- Opening Delimiter -

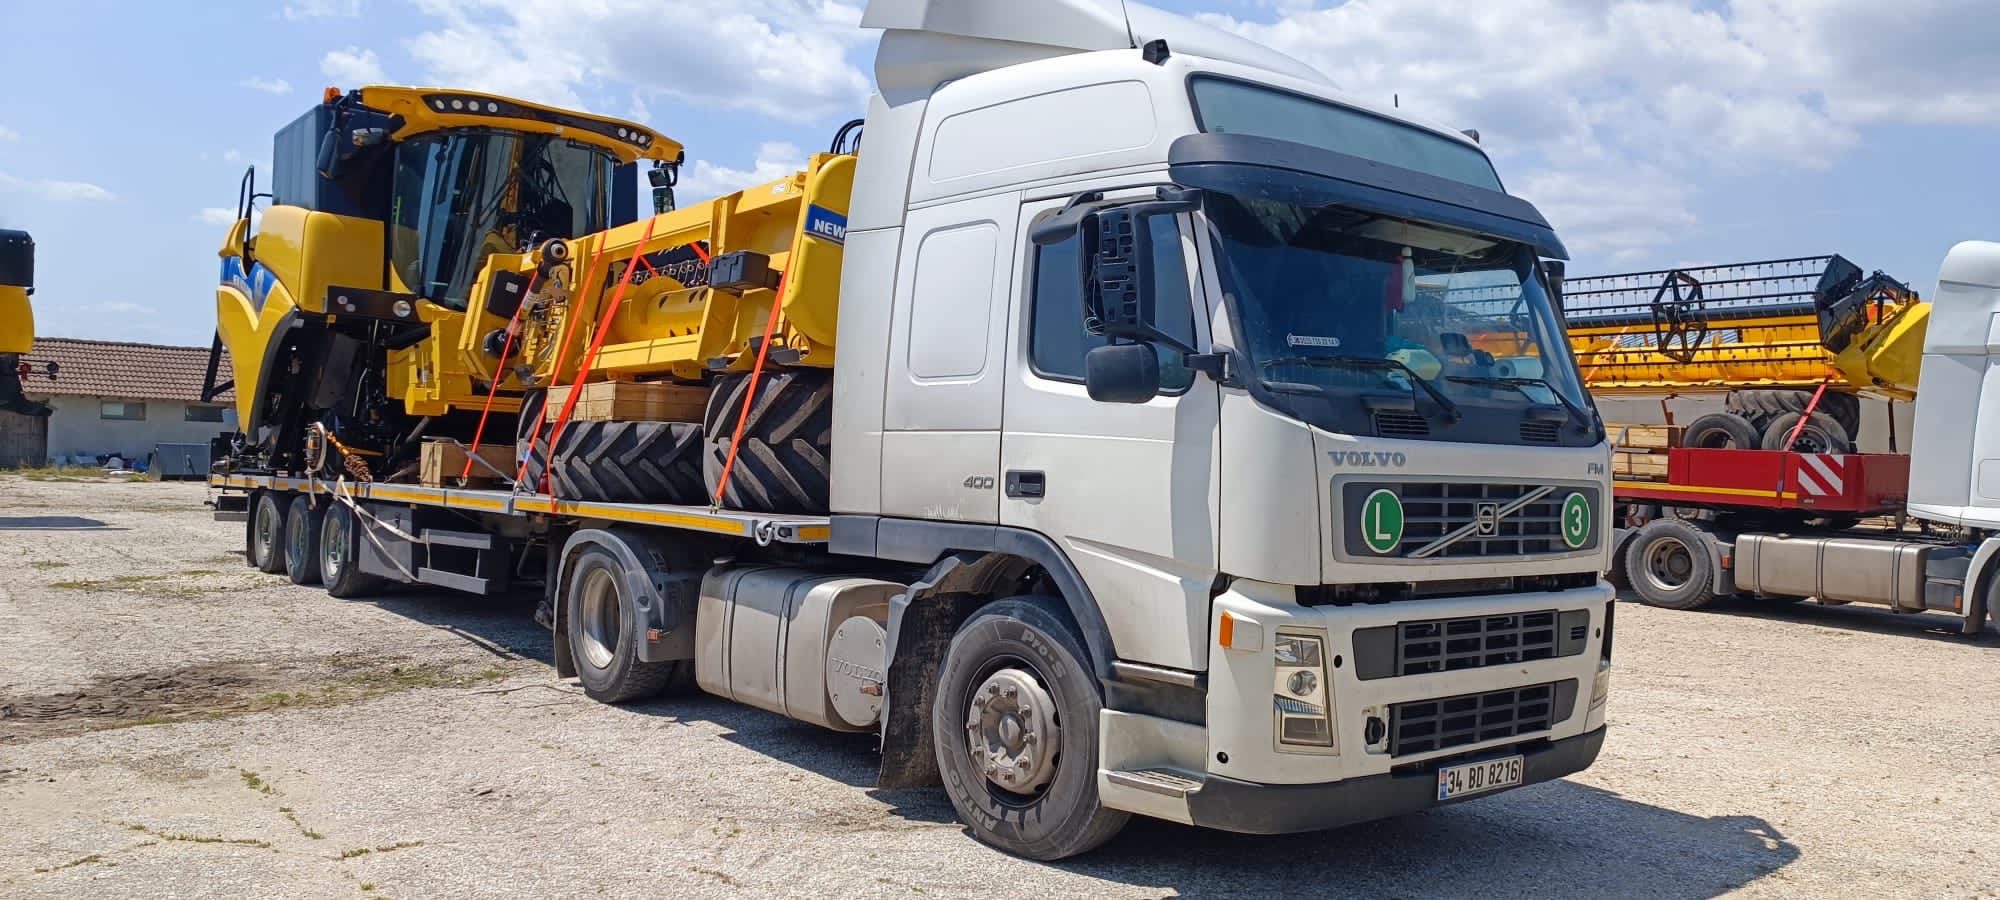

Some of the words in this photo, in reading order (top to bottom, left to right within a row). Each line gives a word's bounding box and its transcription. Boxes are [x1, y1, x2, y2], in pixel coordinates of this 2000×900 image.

[814, 218, 846, 239] NEW
[1328, 451, 1406, 467] VOLVO
[1588, 462, 1604, 475] FM
[963, 475, 994, 489] 400
[1375, 502, 1392, 540] L
[1571, 504, 1582, 537] 3
[1447, 769, 1463, 794] 34
[1468, 765, 1484, 789] BD
[1488, 760, 1519, 785] 8216

- Closing Delimiter -

Without the pictures, write out the whole listing exactly as it appears.

→ THE ANSWER
Some of the words in this photo, in reading order (top to bottom, left to right within a row). Each line gives a word's bounding box and its transcription. Boxes are [x1, y1, x2, y2], in pixel coordinates of this 2000×900 image.

[814, 218, 846, 239] NEW
[1328, 451, 1406, 467] VOLVO
[1588, 462, 1604, 475] FM
[963, 475, 994, 489] 400
[1375, 502, 1392, 540] L
[1571, 504, 1582, 537] 3
[1447, 769, 1463, 794] 34
[1468, 765, 1484, 789] BD
[1488, 760, 1519, 785] 8216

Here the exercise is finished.